A new paper in Biology Methods & Protocols, published by Oxford University Press, indicates that it may soon be possible for doctors to use artificial intelligence (AI) to detect and diagnose cancer in patients, allowing for earlier treatment. Cancer remains one of the most challenging human diseases, with over 19 million cases and 10 million deaths annually. The evolutionary nature of cancer makes it difficult to treat late-stage tumours.
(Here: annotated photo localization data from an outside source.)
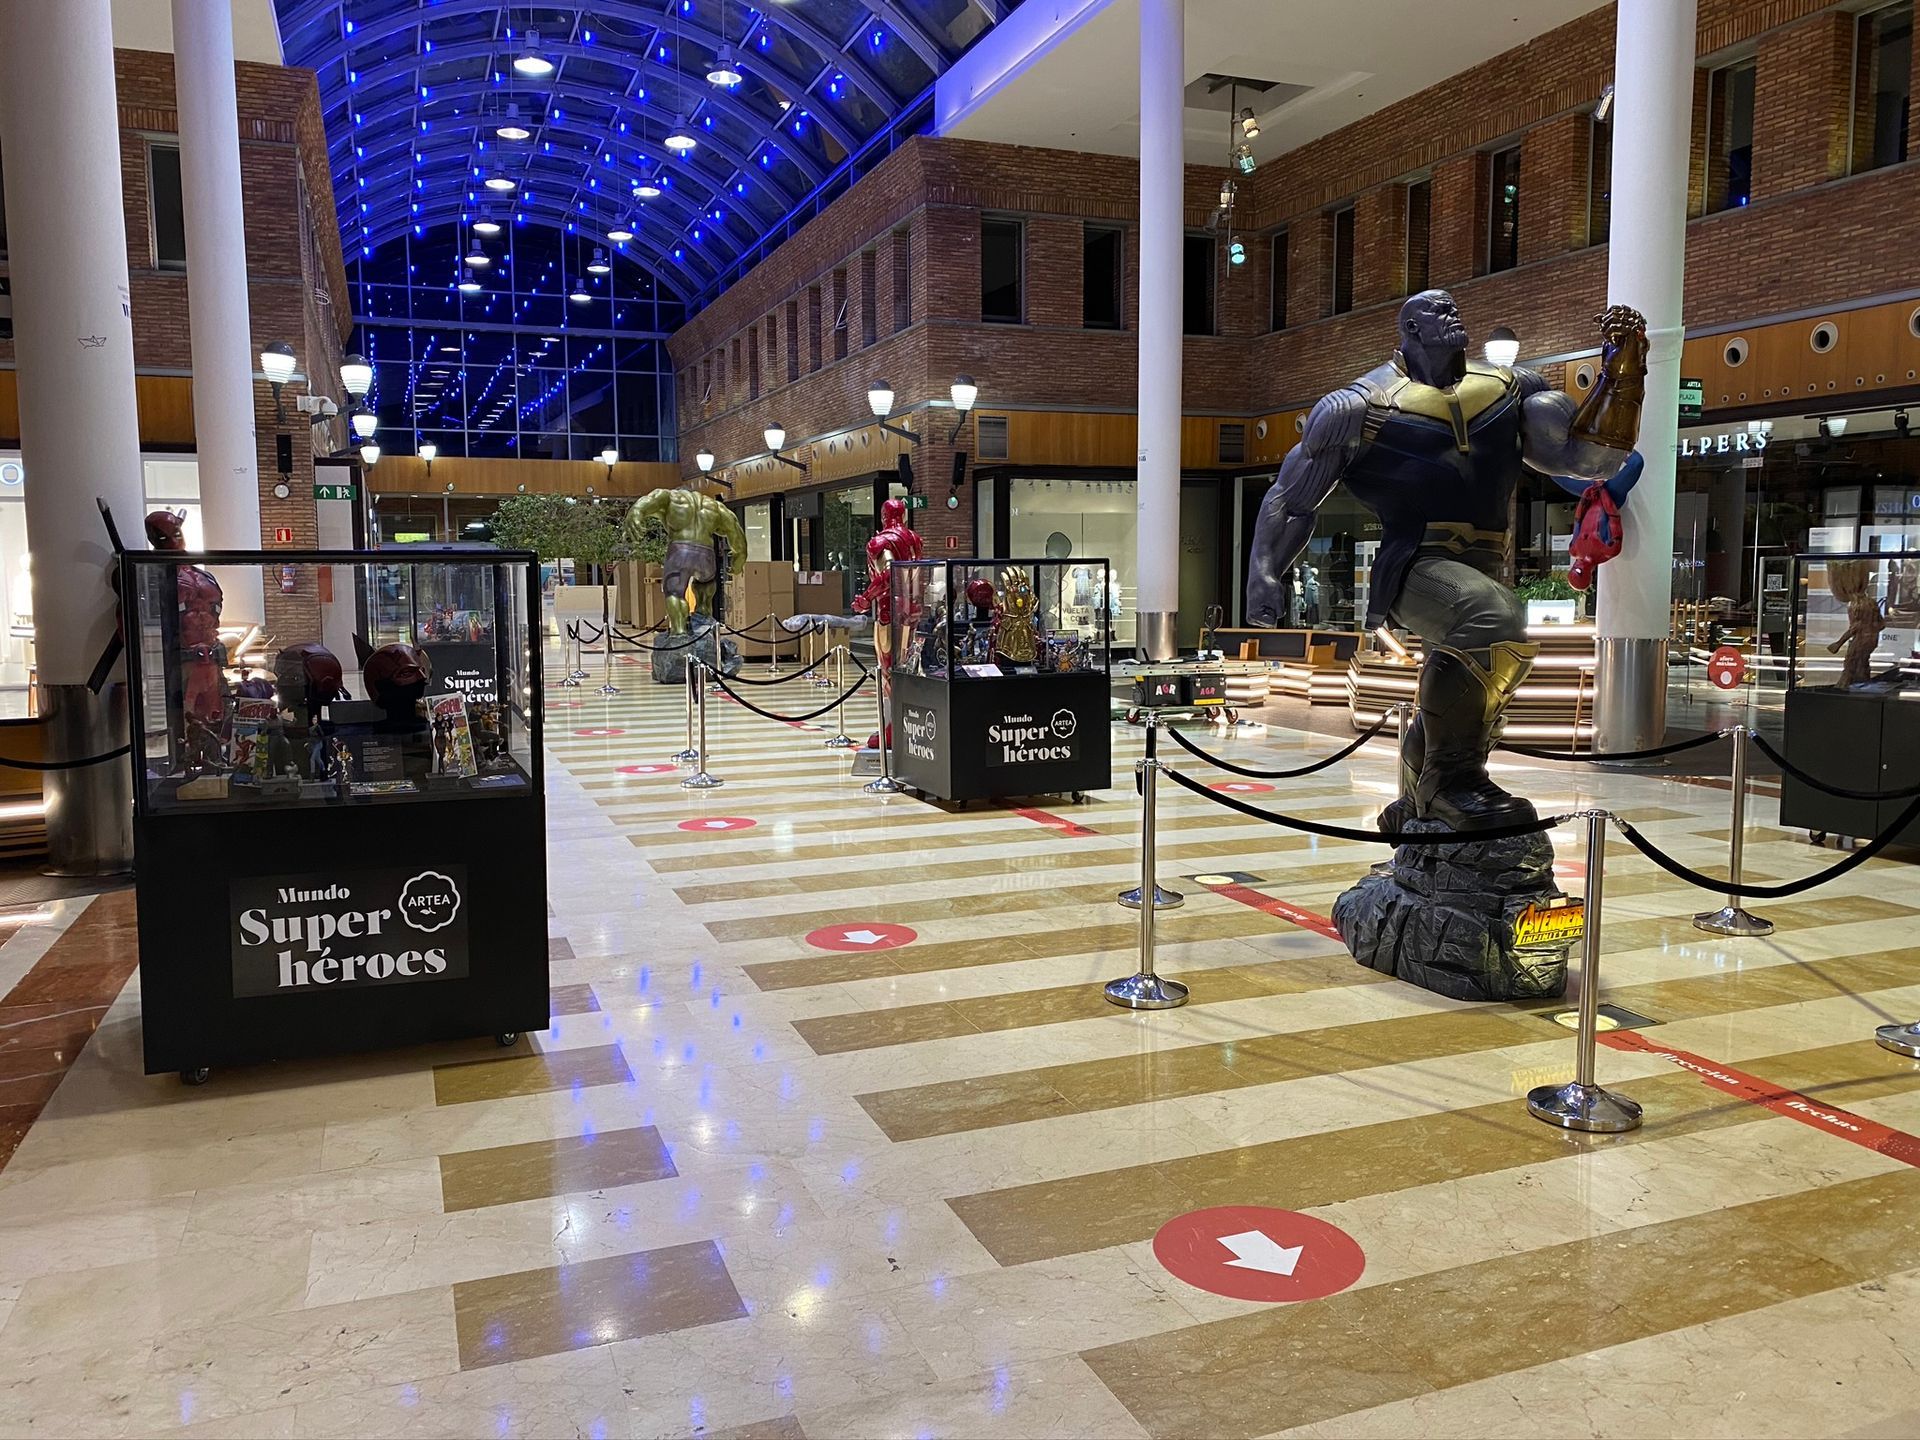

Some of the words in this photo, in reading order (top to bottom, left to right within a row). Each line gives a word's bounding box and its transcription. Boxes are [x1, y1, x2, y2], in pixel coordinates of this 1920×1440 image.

[444, 676, 493, 692] Super
[1155, 683, 1176, 696] AGR
[1200, 686, 1216, 695] AGR
[903, 716, 926, 739] Super
[1003, 713, 1033, 724] Mundo
[1055, 719, 1073, 727] ARTEA
[988, 725, 1049, 747] Super
[908, 737, 935, 761] héroes
[1003, 744, 1071, 763] héroes
[277, 884, 351, 904] Mundo
[407, 894, 451, 908] ARTEA
[239, 908, 392, 953] Super
[1521, 929, 1563, 943] INFINITY
[276, 946, 447, 988] héroes
[1653, 1051, 1740, 1085] dirección
[1784, 1101, 1862, 1132] flechas
Significance of DNA methylation for Cancer Diagnosis

Genetic information is encoded in DNA by patterns of the four bases—denoted by A, T, G and C—that make up its structure. Environmental changes outside the cell can cause some DNA bases to be modified by adding a methyl group. This process is called “DNA methylation.” Each individual cell possesses millions of these DNA methylation marks. Researchers have observed changes to these marks in early cancer development; they could assist in early diagnosis of cancer. It’s possible to examine which bases in DNA are methylated in cancers and to what extent, compared to healthy tissue. Identifying the specific DNA methylation signatures indicative of different cancer types is akin to searching for a needle in a haystack. This is where the researchers involved in this study believe that AI can help.
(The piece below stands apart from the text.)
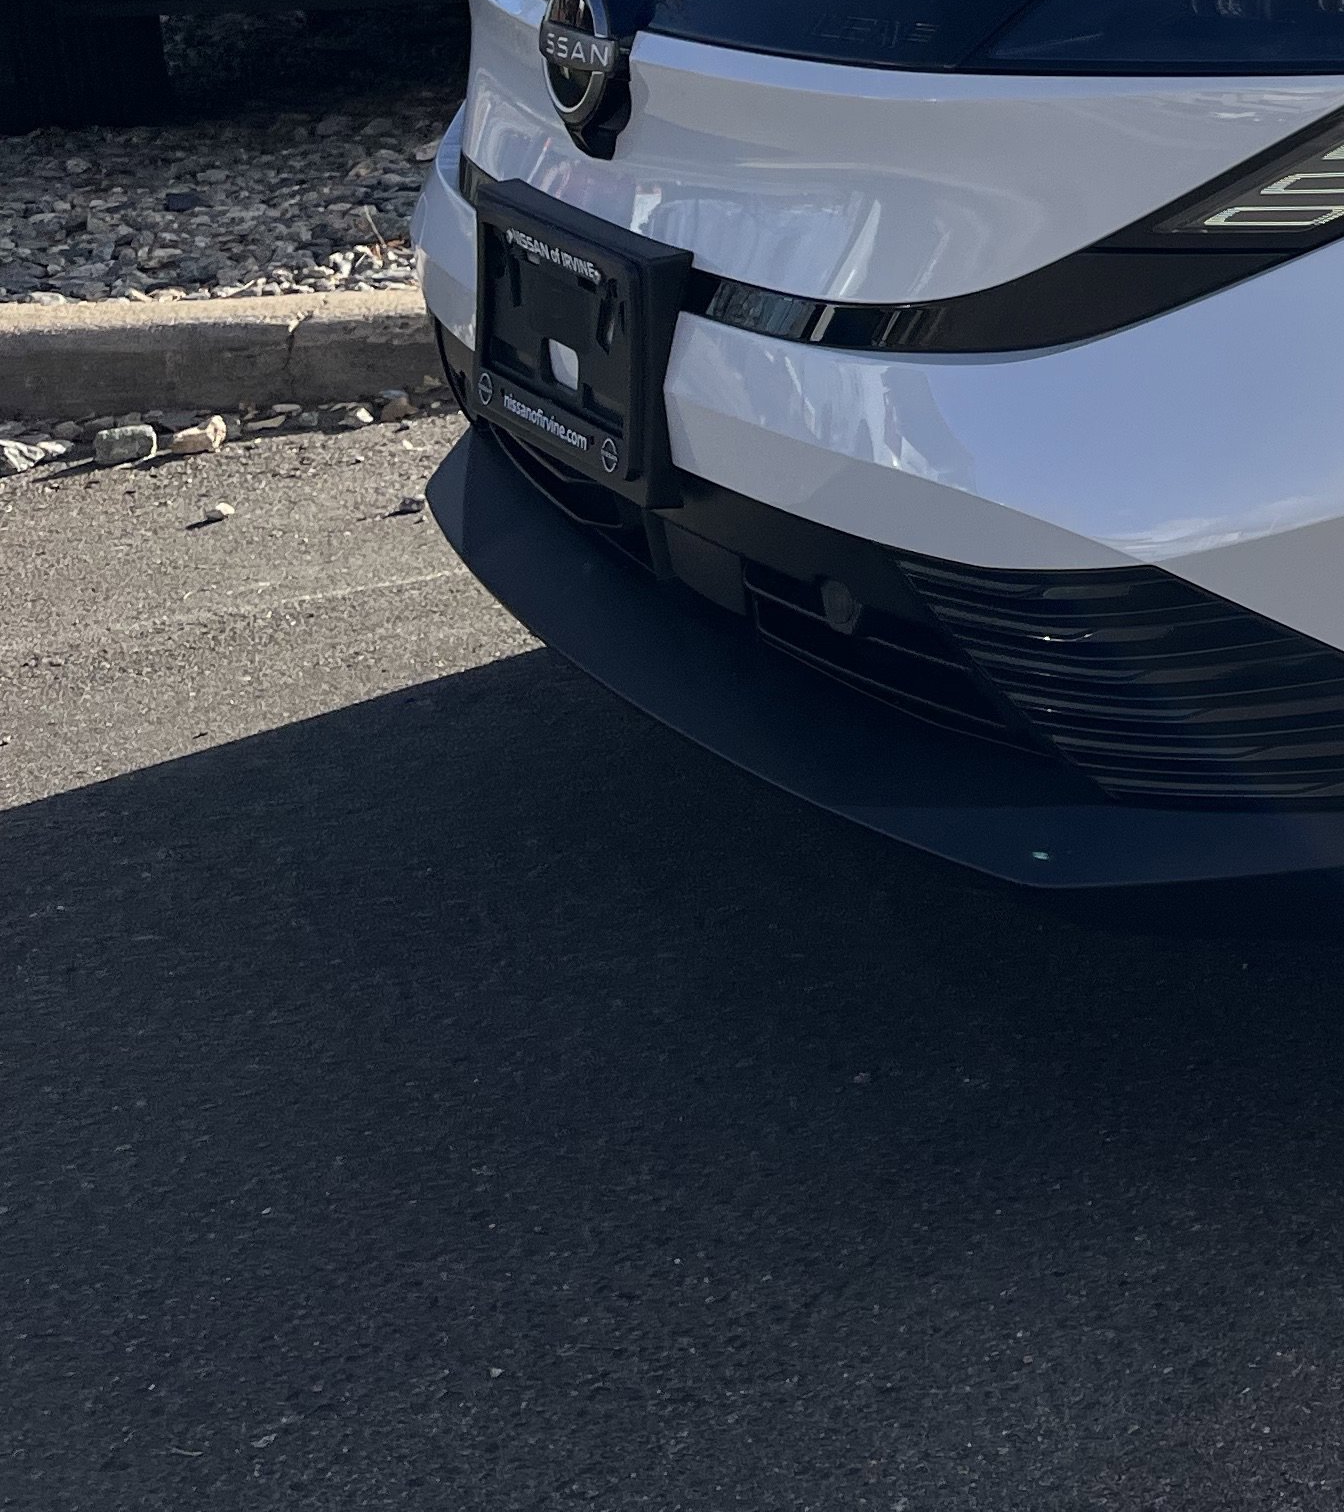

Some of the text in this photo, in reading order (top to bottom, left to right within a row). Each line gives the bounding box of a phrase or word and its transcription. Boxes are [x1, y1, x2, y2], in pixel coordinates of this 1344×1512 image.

Further reading: Cancer Survivors Have Greater Disease Risk Throughout Life

Training AI for Cancer Diagnosis

Investigators from Cambridge University and Imperial College London trained an AI mode, using a combination of machine and deep learning, to look at the DNA methylation patterns and identify 13 different cancer types (including breast, liver, lung, and prostate cancers) from non-cancerous tissue with 98.2% accuracy. This model relies on tissue samples (not DNA fragments in blood) and would need additional training and testing on a more diverse collection of biopsy samples to be ready for clinical use. 
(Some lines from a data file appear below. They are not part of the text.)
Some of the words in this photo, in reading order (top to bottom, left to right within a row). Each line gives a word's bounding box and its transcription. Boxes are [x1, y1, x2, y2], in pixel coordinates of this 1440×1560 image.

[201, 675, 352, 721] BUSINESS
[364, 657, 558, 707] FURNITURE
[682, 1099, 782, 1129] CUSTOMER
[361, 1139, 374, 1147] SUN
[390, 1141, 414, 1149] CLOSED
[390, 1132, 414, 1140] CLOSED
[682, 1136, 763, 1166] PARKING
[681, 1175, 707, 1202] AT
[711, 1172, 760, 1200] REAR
The researchers here believe that an important aspect of this study was the use of an explainable and interpretable core AI model, which provided insights into the reasoning behind its predictions. The researchers explored their model’s inner workings and showed that it reinforces and enhances understanding of the underlying processes contributing to cancer.

Identifying these unusual methylation patterns (potentially from biopsies) would allow health care providers to detect cancer early. This could potentially improve patient outcomes dramatically, as most cancers are treatable or curable if detected early enough.

“Computational methods such as this model, through better training on more varied data and rigorous testing in the clinic, will eventually provide AI models that can help doctors with early detection and screening of cancers,” says the paper’s lead author, Shamith Samarajiwa. “This will provide better patient outcomes.”